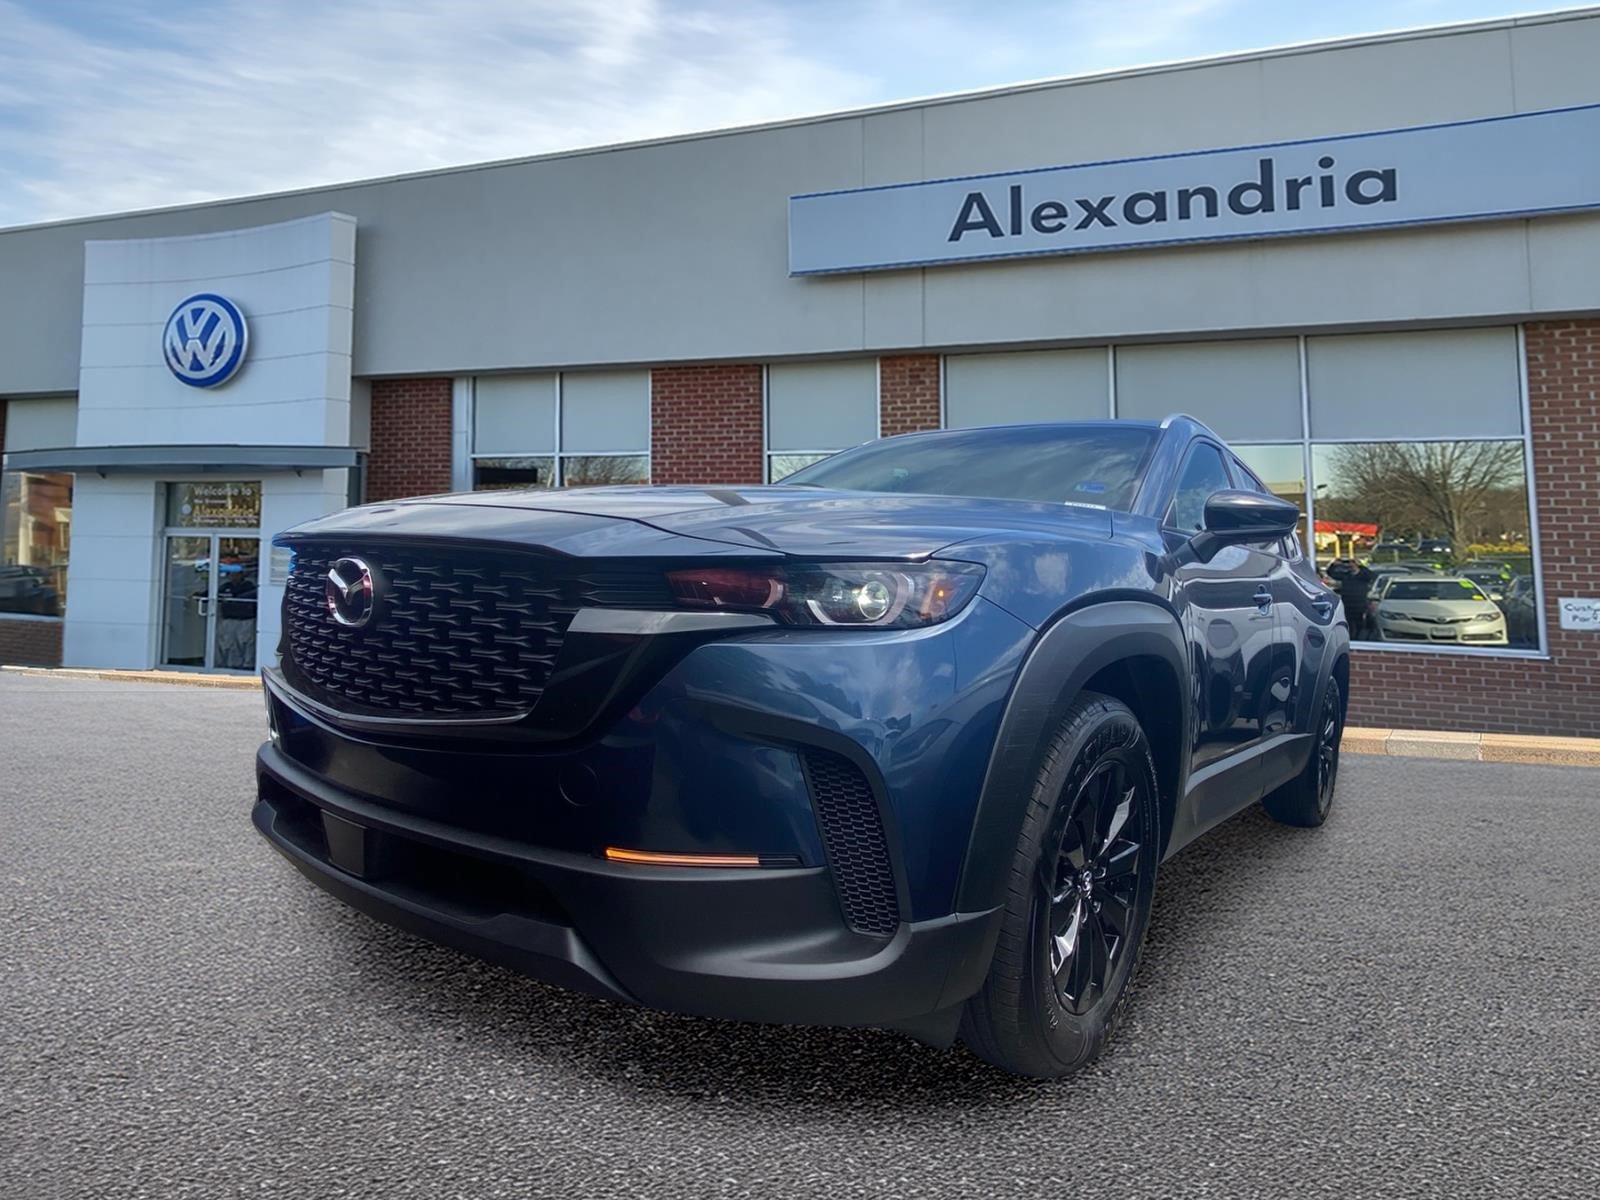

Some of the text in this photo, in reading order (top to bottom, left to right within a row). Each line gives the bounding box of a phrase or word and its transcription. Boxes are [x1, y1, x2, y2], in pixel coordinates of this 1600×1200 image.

[948, 156, 1397, 242] Alexandria
[166, 299, 235, 378] VW
[1564, 602, 1600, 613] Cust
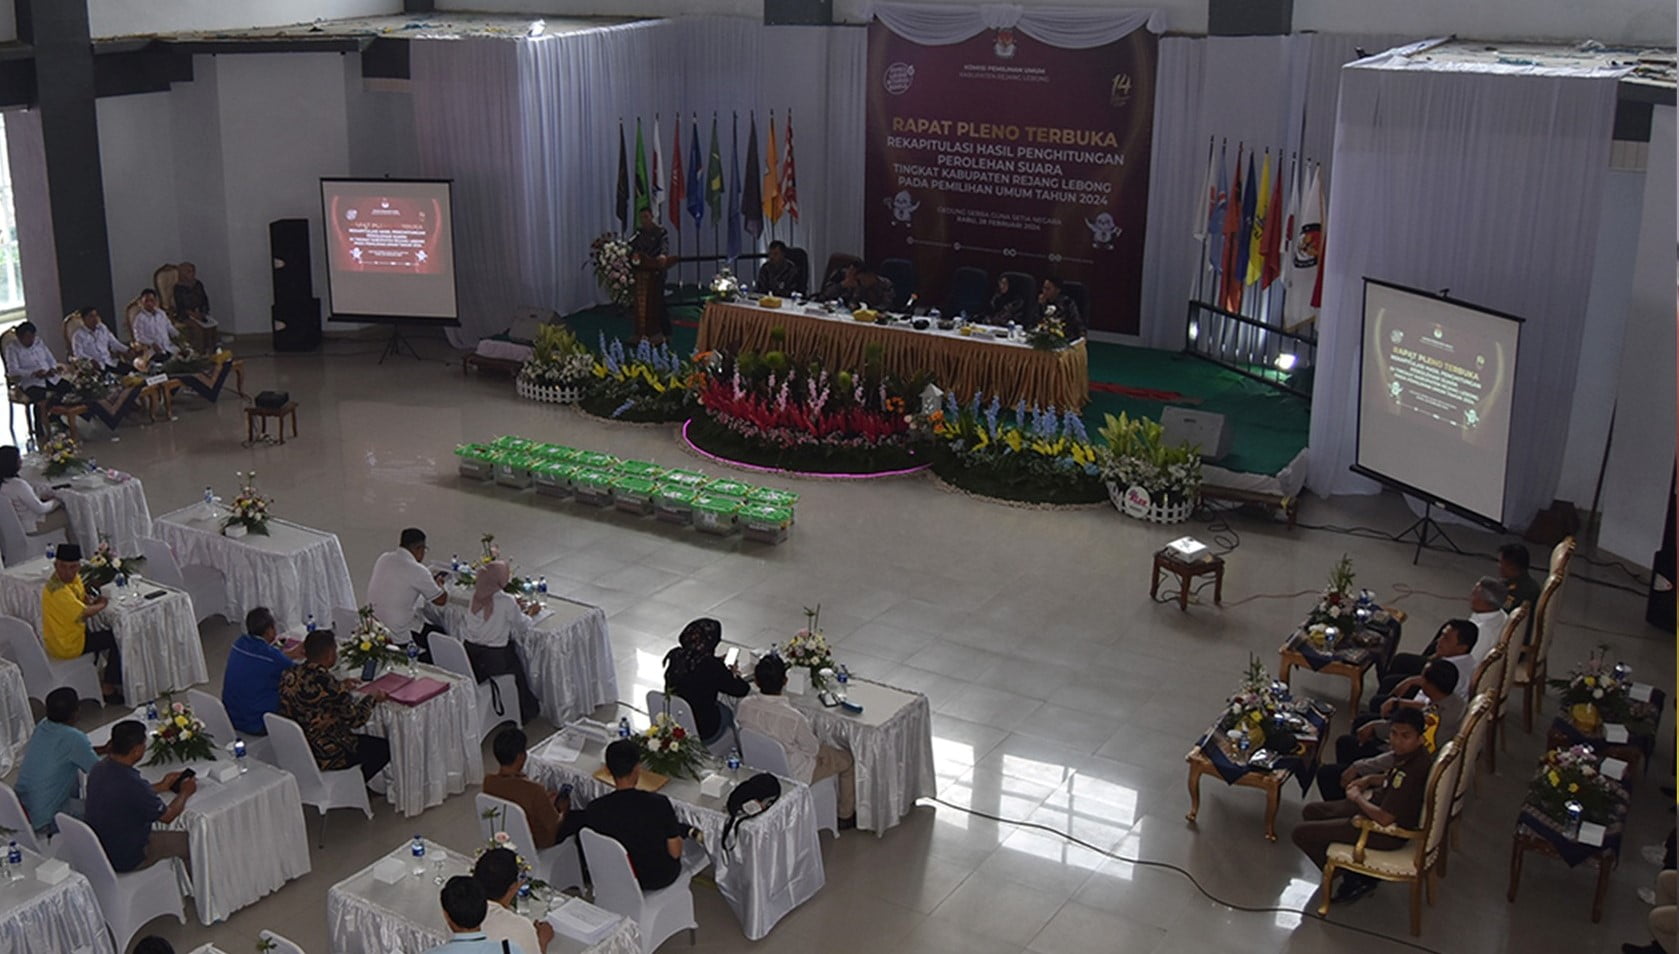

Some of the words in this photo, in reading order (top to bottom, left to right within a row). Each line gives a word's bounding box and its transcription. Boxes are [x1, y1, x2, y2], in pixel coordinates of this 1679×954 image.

[892, 117, 952, 135] RAPAT
[956, 121, 1020, 140] PLENO
[1025, 126, 1117, 147] TERBUKA
[887, 136, 973, 154] REKAPITULASI
[976, 144, 1014, 158] HASIL
[1017, 147, 1124, 166] PENGHITUNGAN
[937, 154, 1014, 171] PEROLEHAN
[1018, 162, 1063, 176] SUARA
[894, 163, 938, 177] TINGKAT
[941, 169, 1010, 185] KABUPATEN
[1013, 175, 1059, 189] REJANG
[1062, 179, 1111, 193] LEBONG
[898, 176, 929, 189] PADA
[931, 180, 993, 195] PEMILIHAN
[995, 186, 1033, 199] UMUM
[1035, 189, 1077, 203] TAHUN
[1079, 193, 1108, 206] 2024
[937, 206, 966, 216] GEDUNG
[967, 208, 989, 217] SERBA
[990, 211, 1011, 220] GUNA
[1012, 213, 1030, 222] SETIA
[1032, 216, 1062, 225] NEGARA
[988, 219, 1022, 229] FEBRUARI

_INSTRUCTIONS TO FOLLOW_. Reproduce each line, exactly as it appears, from the one that contains "Some of the words" through the last line of the records. Add no other lines.

_RESPONSE BELOW_.
Some of the words in this photo, in reading order (top to bottom, left to right within a row). Each line gives a word's bounding box and its transcription. Boxes are [x1, y1, x2, y2], in pixel coordinates of this 1679×954 image.

[892, 117, 952, 135] RAPAT
[956, 121, 1020, 140] PLENO
[1025, 126, 1117, 147] TERBUKA
[887, 136, 973, 154] REKAPITULASI
[976, 144, 1014, 158] HASIL
[1017, 147, 1124, 166] PENGHITUNGAN
[937, 154, 1014, 171] PEROLEHAN
[1018, 162, 1063, 176] SUARA
[894, 163, 938, 177] TINGKAT
[941, 169, 1010, 185] KABUPATEN
[1013, 175, 1059, 189] REJANG
[1062, 179, 1111, 193] LEBONG
[898, 176, 929, 189] PADA
[931, 180, 993, 195] PEMILIHAN
[995, 186, 1033, 199] UMUM
[1035, 189, 1077, 203] TAHUN
[1079, 193, 1108, 206] 2024
[937, 206, 966, 216] GEDUNG
[967, 208, 989, 217] SERBA
[990, 211, 1011, 220] GUNA
[1012, 213, 1030, 222] SETIA
[1032, 216, 1062, 225] NEGARA
[988, 219, 1022, 229] FEBRUARI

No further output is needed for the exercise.